> Study material
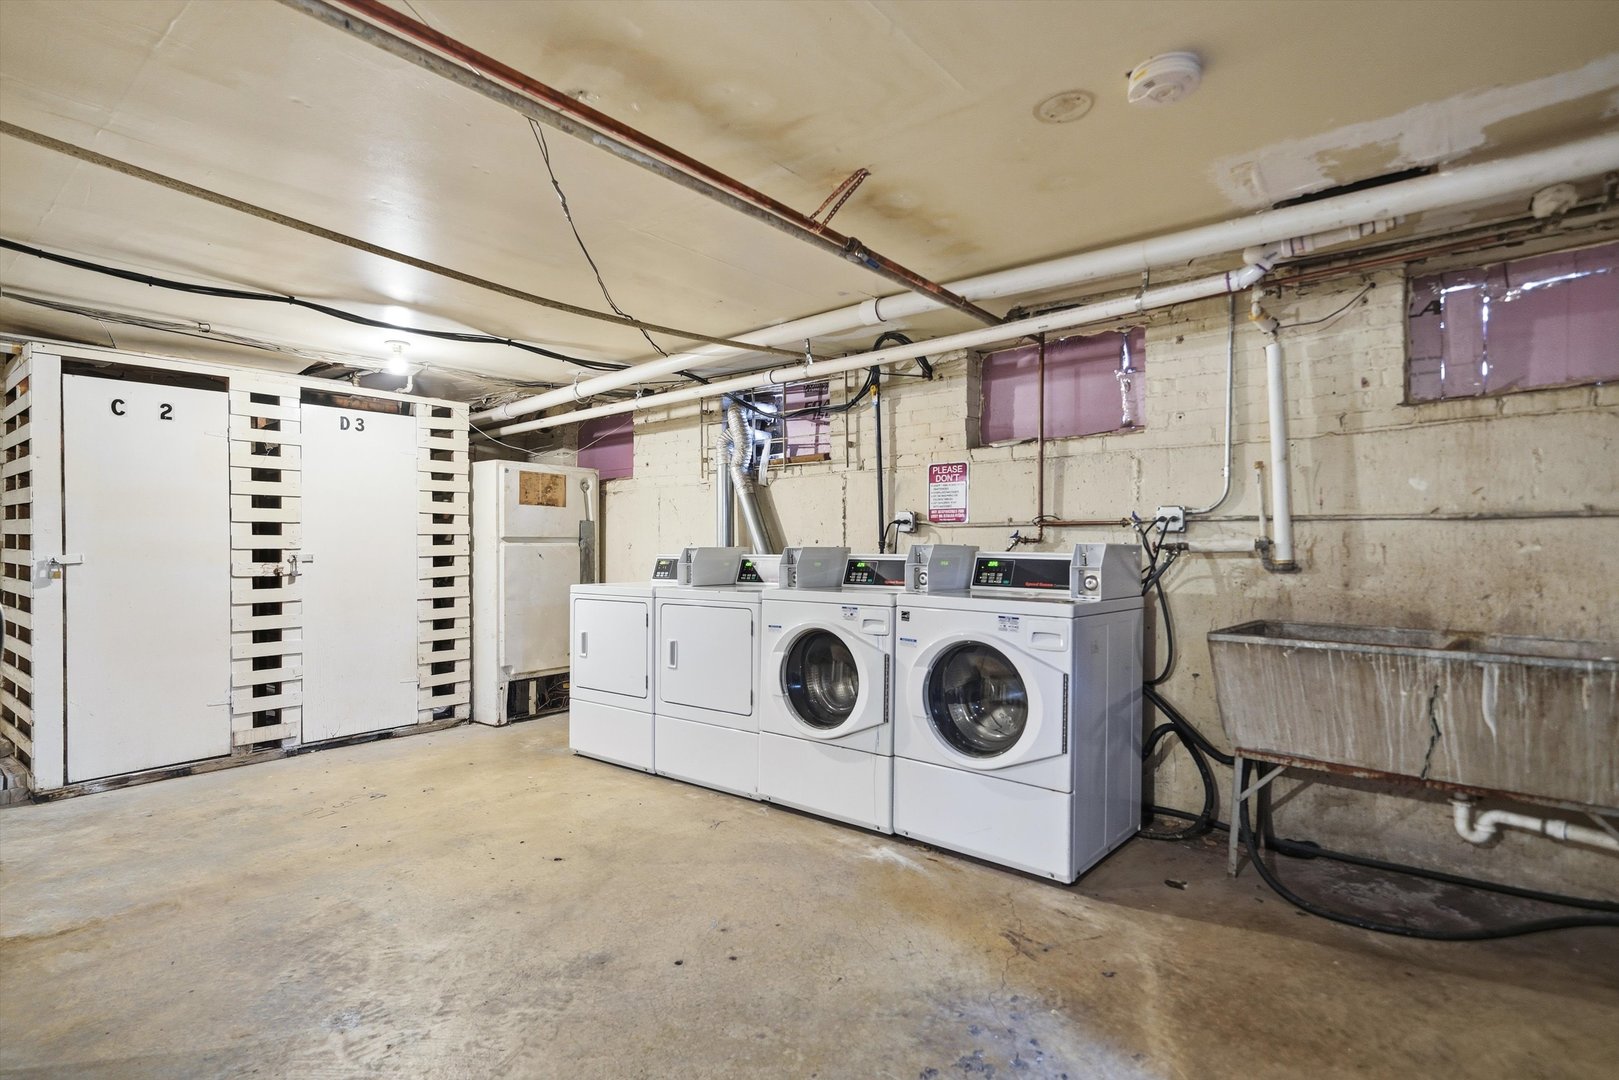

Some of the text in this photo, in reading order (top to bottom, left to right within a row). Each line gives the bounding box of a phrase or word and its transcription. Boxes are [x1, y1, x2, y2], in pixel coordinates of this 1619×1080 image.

[111, 399, 172, 420] C 2
[932, 465, 963, 474] PLEASE
[935, 474, 960, 482] DON'T
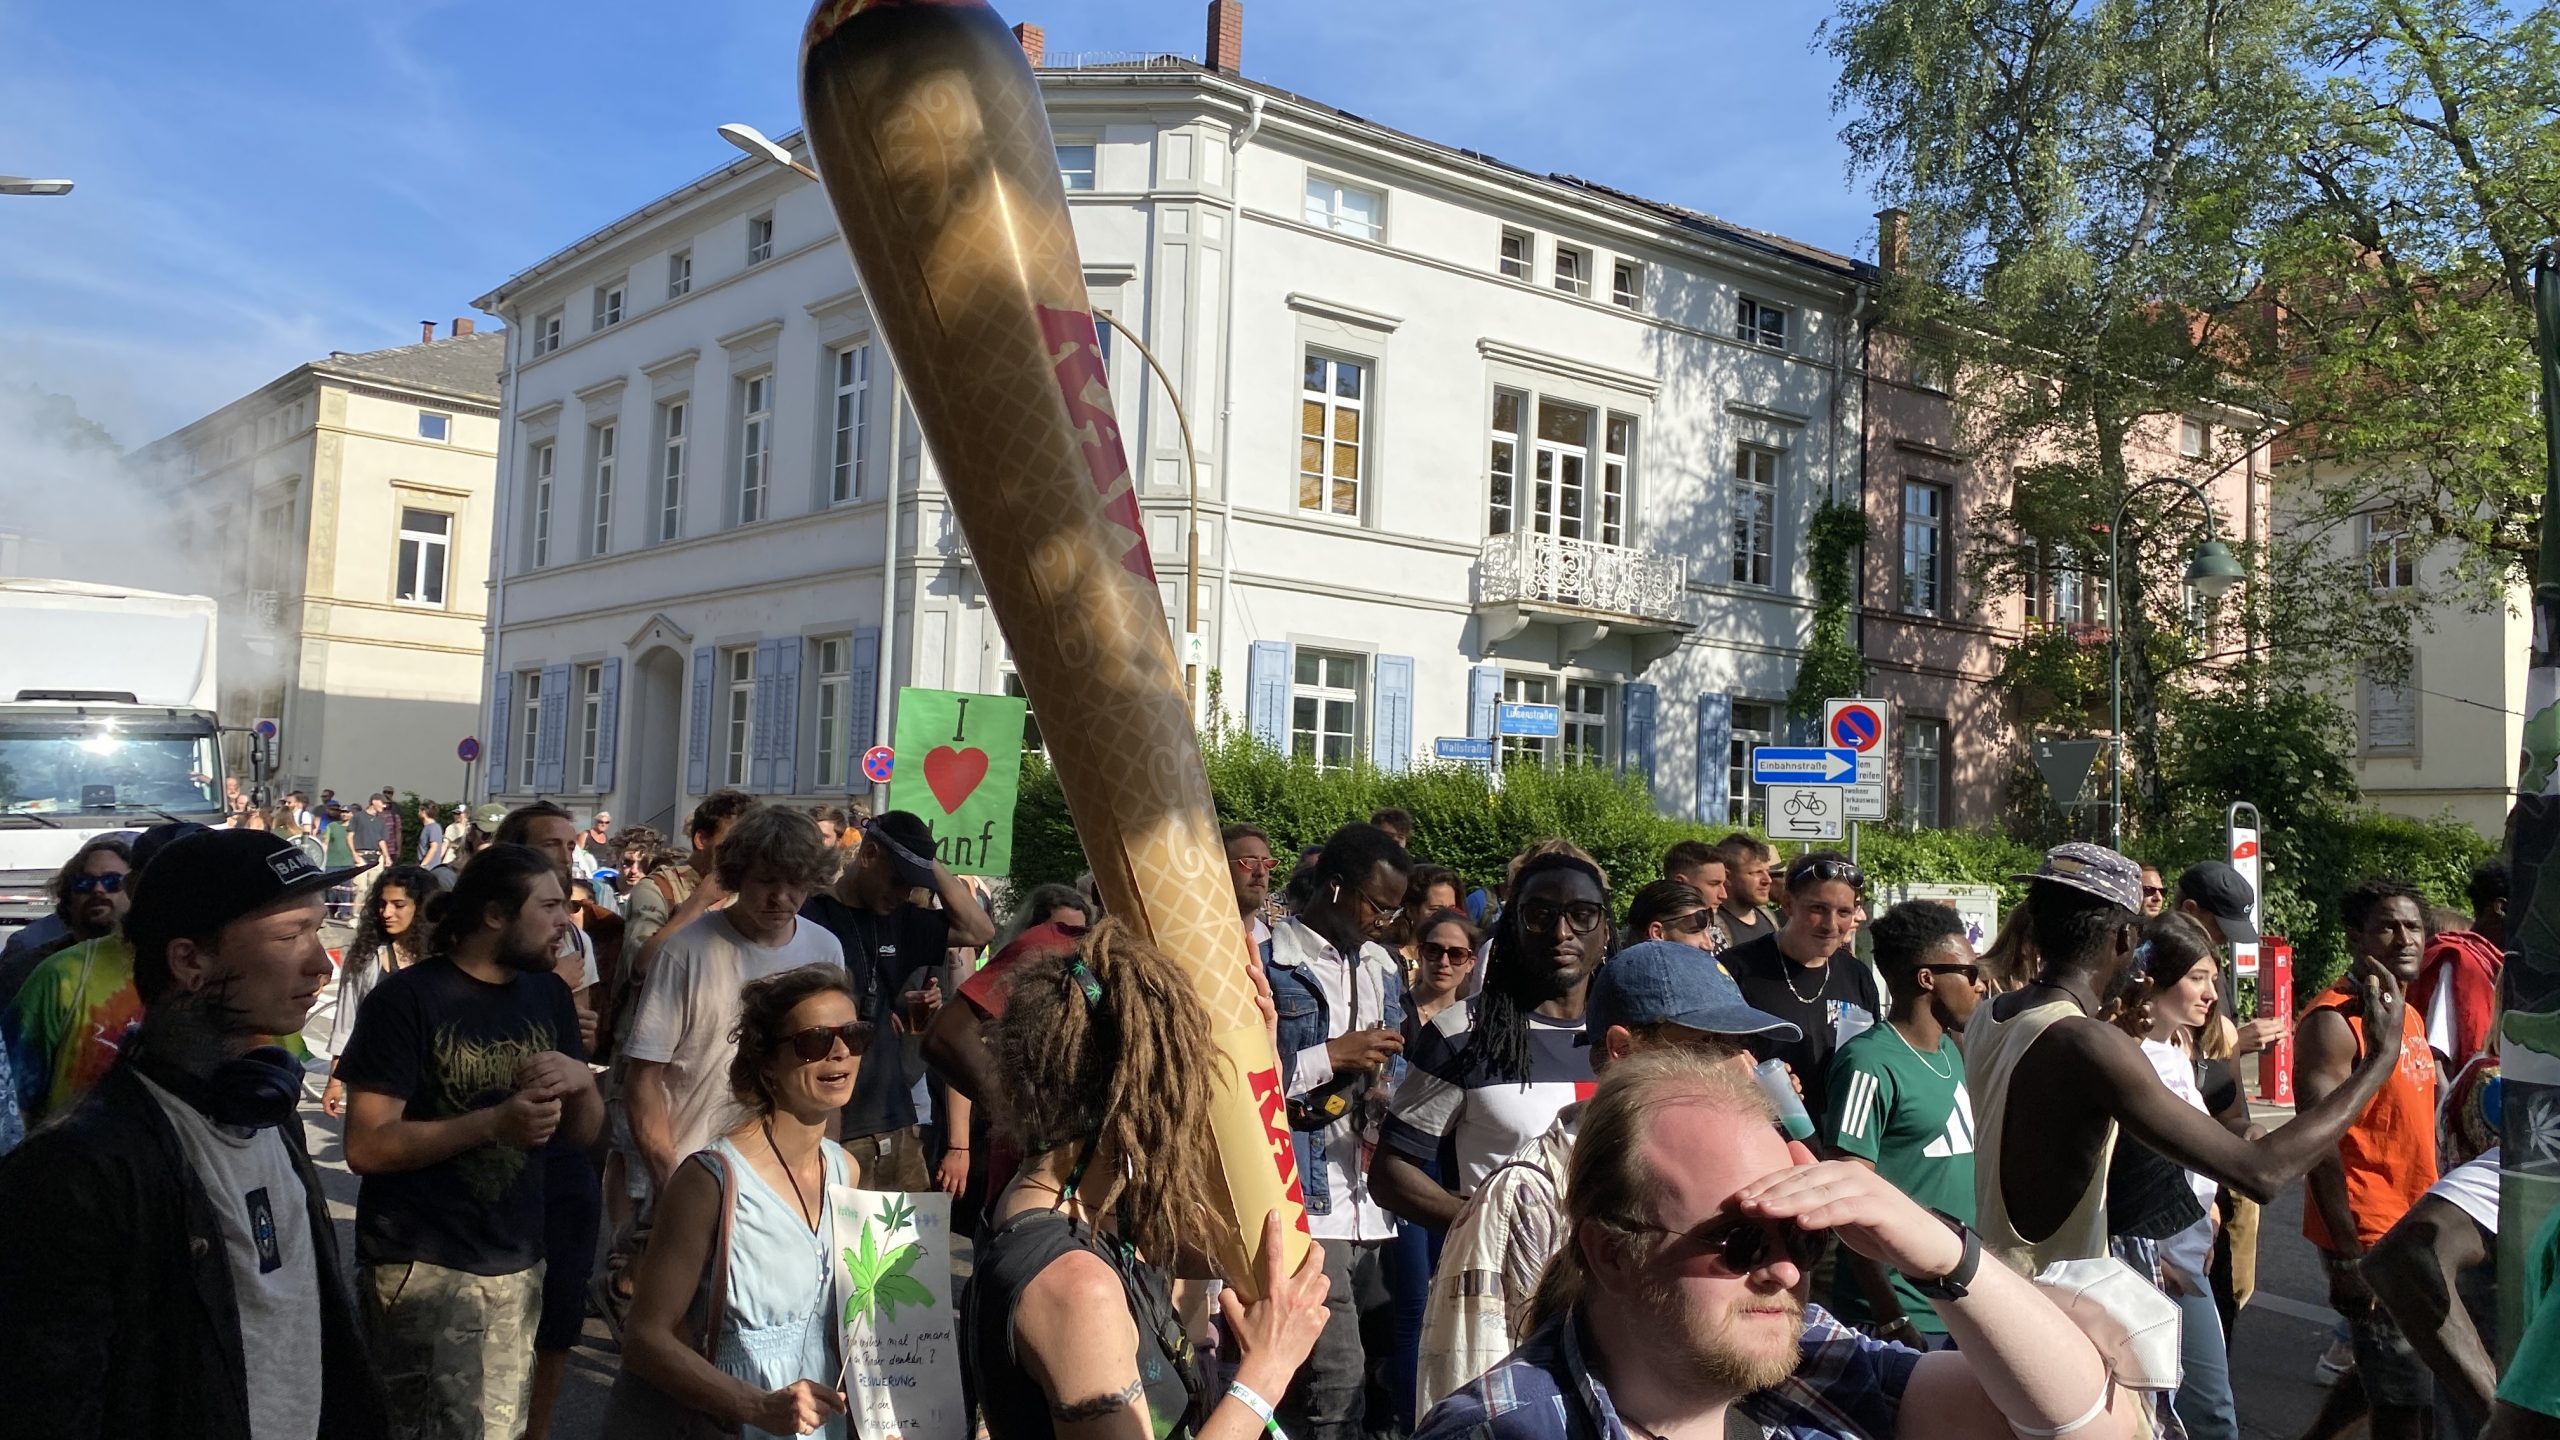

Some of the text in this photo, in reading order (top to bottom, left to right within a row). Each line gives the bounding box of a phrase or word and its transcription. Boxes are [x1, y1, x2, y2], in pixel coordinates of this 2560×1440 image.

> Requirement
Any picture in the data is to be skipped, while each line is returned exactly as written.

> Solution to this exercise
Some of the text in this photo, in reading order (top to bottom, left to right within a row). Each line gives the bounding box of a phrase or word and its transcription. Boxes are [x1, y1, x2, y2], in pixel coordinates of this 1619×1080 image.

[111, 399, 172, 420] C 2
[932, 465, 963, 474] PLEASE
[935, 474, 960, 482] DON'T

Some of the text in this photo, in reading order (top to bottom, left to right within a row). Each line gives the bounding box of a phrase or word and its transcription. Boxes are [x1, y1, x2, y2], in pixel coordinates of this 2560×1440 image.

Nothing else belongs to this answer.